Vous pouvez même faire mieux. L’identité de votre GIE, qui regroupe comme je l’évoquais précédemment beaucoup d’entreprises familiales, est une force unique. Elle doit être placée à la genèse de ce nouveau projet, de cette nouvelle voie : c’est l’expérience et le ressenti du terrain de chacun qui feront la différence, bien loin de l’uniformité et du culte de la performance développés par les grands groupes présents sur le marché de la meunerie. Votre structure doit ainsi devenir une communauté d’échanges, une boite à outils opérationnelle, un tuteur pour accompagner les chefs d’entreprise… sans jamais plus imposer ou apporter des solutions pré-conçues. Le développement de l’Ecole de Boulangerie Artisanale était un premier pas dans ce sens, avec malheureusement beaucoup de retard et là encore un cruel manque de vision et d’ambition. J’en veux pour exemple la formule visant à former des « aide boulanger », ce qui revient à les considérer comme de simples ouvriers dans les sombres et tristes usines que deviendraient les fournils. Or, dans ce métier d’artisanat et de création, la reproduction sans réflexion ne devrait jamais avoir sa place. Ce n’est pas ainsi que l’on répondra aux problématiques de recrutement, mais bien en donnant des perspectives et un sens au métier pour chaque personne faisant le choix de s’y insérer.
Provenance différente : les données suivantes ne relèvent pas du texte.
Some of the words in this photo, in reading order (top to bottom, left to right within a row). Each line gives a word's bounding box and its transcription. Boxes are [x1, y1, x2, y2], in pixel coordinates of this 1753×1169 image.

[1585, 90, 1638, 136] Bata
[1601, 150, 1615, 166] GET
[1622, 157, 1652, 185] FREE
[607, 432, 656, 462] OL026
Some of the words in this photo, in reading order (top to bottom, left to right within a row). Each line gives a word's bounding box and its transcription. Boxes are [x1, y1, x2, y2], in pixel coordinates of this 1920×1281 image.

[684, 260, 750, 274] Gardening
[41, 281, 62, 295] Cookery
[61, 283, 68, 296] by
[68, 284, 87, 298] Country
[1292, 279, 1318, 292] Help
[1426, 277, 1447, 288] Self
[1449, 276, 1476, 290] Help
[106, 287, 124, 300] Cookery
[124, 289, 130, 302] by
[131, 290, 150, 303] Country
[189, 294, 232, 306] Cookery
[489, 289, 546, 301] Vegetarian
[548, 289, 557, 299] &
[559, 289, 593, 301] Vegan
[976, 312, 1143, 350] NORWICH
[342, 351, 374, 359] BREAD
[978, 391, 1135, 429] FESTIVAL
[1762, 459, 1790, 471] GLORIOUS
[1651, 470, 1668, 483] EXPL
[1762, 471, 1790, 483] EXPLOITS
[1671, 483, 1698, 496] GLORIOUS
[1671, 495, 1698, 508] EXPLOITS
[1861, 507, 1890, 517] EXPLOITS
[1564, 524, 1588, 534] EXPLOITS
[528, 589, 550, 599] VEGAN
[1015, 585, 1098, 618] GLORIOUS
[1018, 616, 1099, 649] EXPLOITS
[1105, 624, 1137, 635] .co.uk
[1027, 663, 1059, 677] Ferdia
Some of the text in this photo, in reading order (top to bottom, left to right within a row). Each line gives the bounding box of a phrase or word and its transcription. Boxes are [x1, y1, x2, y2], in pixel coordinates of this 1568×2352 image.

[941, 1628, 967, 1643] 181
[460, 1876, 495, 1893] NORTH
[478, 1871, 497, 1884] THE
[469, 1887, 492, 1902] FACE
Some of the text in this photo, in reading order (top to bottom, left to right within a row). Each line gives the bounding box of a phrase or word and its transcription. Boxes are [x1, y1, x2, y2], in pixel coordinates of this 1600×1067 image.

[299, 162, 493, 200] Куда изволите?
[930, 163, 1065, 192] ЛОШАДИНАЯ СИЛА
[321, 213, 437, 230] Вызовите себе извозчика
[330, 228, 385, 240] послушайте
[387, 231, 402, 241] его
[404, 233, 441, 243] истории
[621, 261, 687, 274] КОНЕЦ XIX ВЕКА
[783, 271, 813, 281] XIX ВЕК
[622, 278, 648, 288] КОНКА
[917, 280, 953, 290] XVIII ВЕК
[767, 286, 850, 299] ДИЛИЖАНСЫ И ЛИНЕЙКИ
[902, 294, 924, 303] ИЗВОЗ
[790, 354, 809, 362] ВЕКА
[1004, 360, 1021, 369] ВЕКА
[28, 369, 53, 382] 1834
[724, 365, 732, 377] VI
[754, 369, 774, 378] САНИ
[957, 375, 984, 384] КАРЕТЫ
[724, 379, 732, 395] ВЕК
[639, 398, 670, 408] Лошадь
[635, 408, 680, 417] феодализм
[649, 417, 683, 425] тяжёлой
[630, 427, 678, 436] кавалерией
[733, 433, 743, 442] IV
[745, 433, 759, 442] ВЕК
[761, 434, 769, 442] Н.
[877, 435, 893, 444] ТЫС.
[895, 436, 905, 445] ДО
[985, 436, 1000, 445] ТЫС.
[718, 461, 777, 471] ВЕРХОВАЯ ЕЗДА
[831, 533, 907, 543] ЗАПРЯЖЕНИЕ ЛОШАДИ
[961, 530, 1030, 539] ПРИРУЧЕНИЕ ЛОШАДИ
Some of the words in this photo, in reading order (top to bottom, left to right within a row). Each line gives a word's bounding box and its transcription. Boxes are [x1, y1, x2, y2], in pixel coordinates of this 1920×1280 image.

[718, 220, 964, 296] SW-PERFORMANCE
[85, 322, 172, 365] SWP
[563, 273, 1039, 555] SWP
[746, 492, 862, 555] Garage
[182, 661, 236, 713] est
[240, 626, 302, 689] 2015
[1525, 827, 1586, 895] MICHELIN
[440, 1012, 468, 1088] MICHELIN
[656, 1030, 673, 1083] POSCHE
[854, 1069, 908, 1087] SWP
Chère Bénédicte Dupont, j’espère que vous mesurez l’ampleur de la tâche qui vous attend, j’espère que vous aimez le pain et les artisans sincèrement et qu’ainsi vous aurez à coeur de les servir… pour qu’enfin, on puisse célébrer un véritable Festival des Pains.

2 réflexions au sujet de « Chère Bénédicte Dupont, j’aimerais vous dire… »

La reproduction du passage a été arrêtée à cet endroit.